In case 2: use string length on the bytearray and convert as necessary.
If you read from a channel configured with -translation binary you
always get a byte array, whose length is given by string length. Only if
you use [encoding convertfrom utf-8] on the binary data and transforming
it into the internal Tcl encoding, you get a string.
Michael
Sounds like you've got *very* confused. What you want to get is the
binary representation of the encoded string, which you do on the sending
side like this:
set theTransferEncoding utf-8 ;# For example
set encodedBytes [encoding convertto $theTransferEncoding $string]
set encodedLen [string length $encodedBytes]

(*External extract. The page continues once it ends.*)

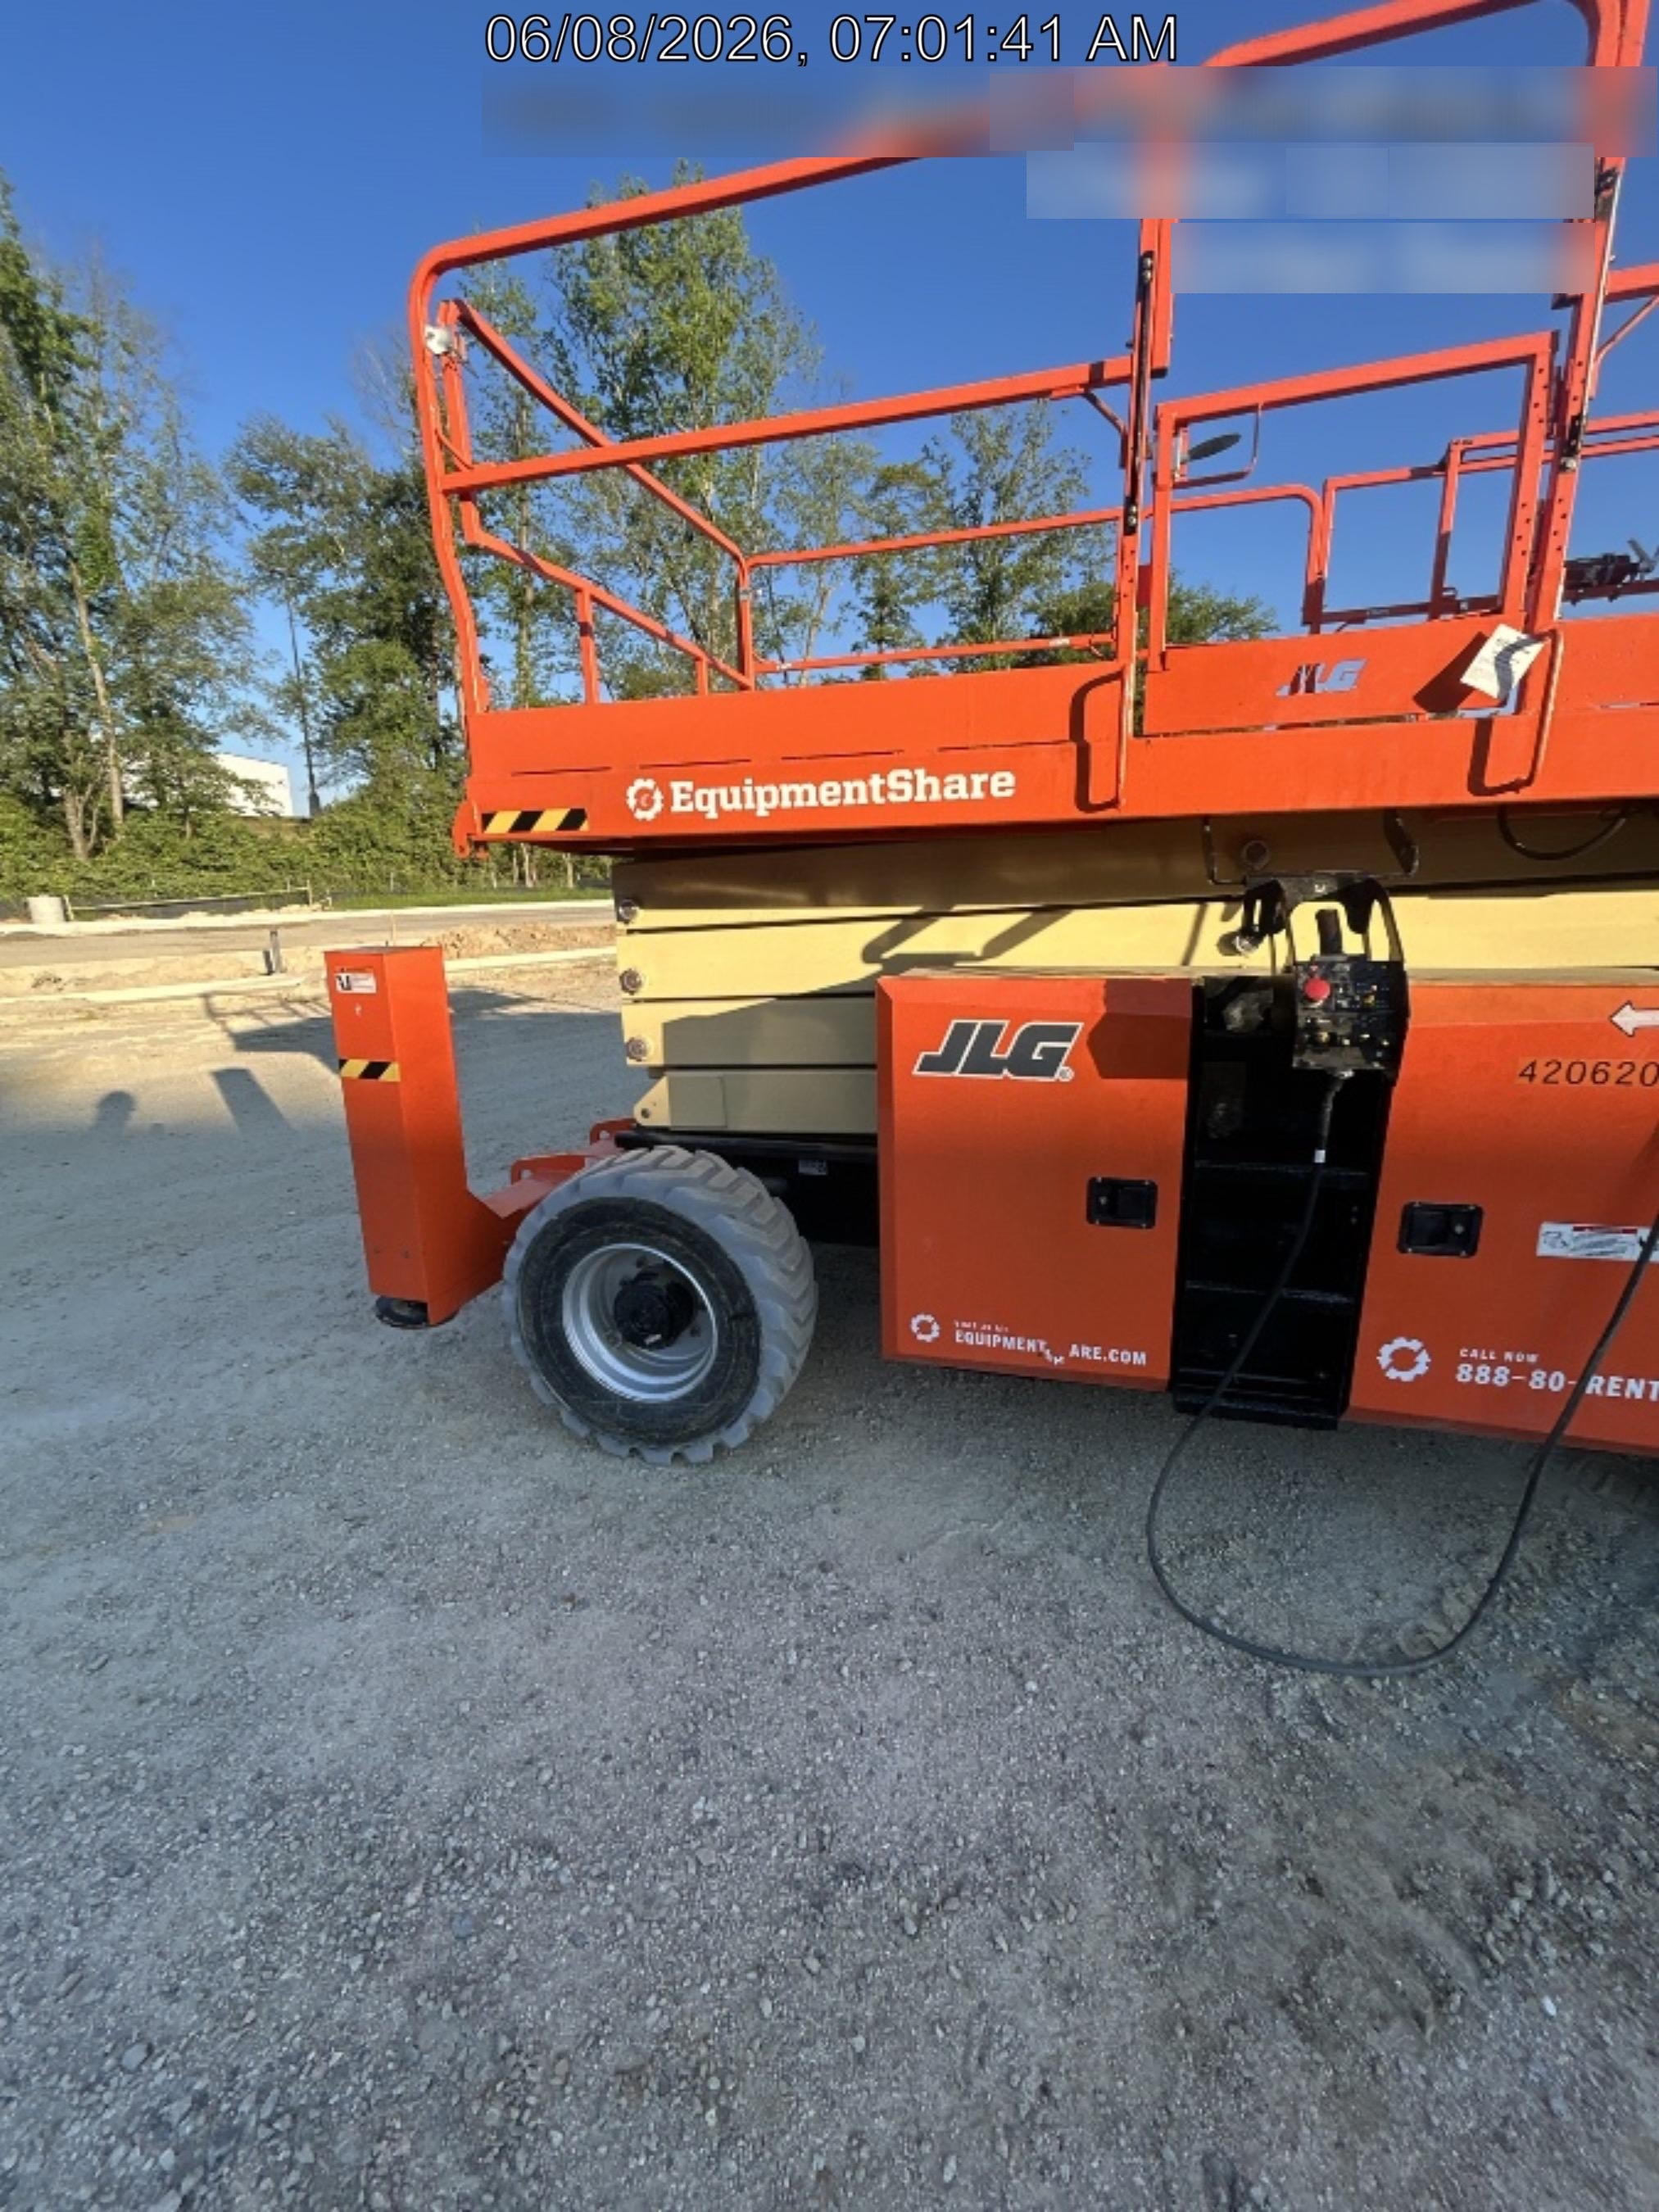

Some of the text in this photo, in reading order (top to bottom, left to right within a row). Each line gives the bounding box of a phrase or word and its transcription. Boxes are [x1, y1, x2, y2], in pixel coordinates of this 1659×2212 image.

[1276, 658, 1367, 698] JLG
[670, 768, 1016, 818] EquipmentShare
[1518, 1058, 1659, 1087] 420620
[1459, 1348, 1540, 1363] CALL NOW

Now you have everything you need to send the data as bytes (remember to
set the channel to use the binary -translation option when you do this).
On the receiving side once you've read the required number of bytes you
can then use:
set string [encoding convertfrom $theTransferEncoding $encodedBytes]
to convert back into normal characters. It really is that easy. And you
can change to other encodings just as easily.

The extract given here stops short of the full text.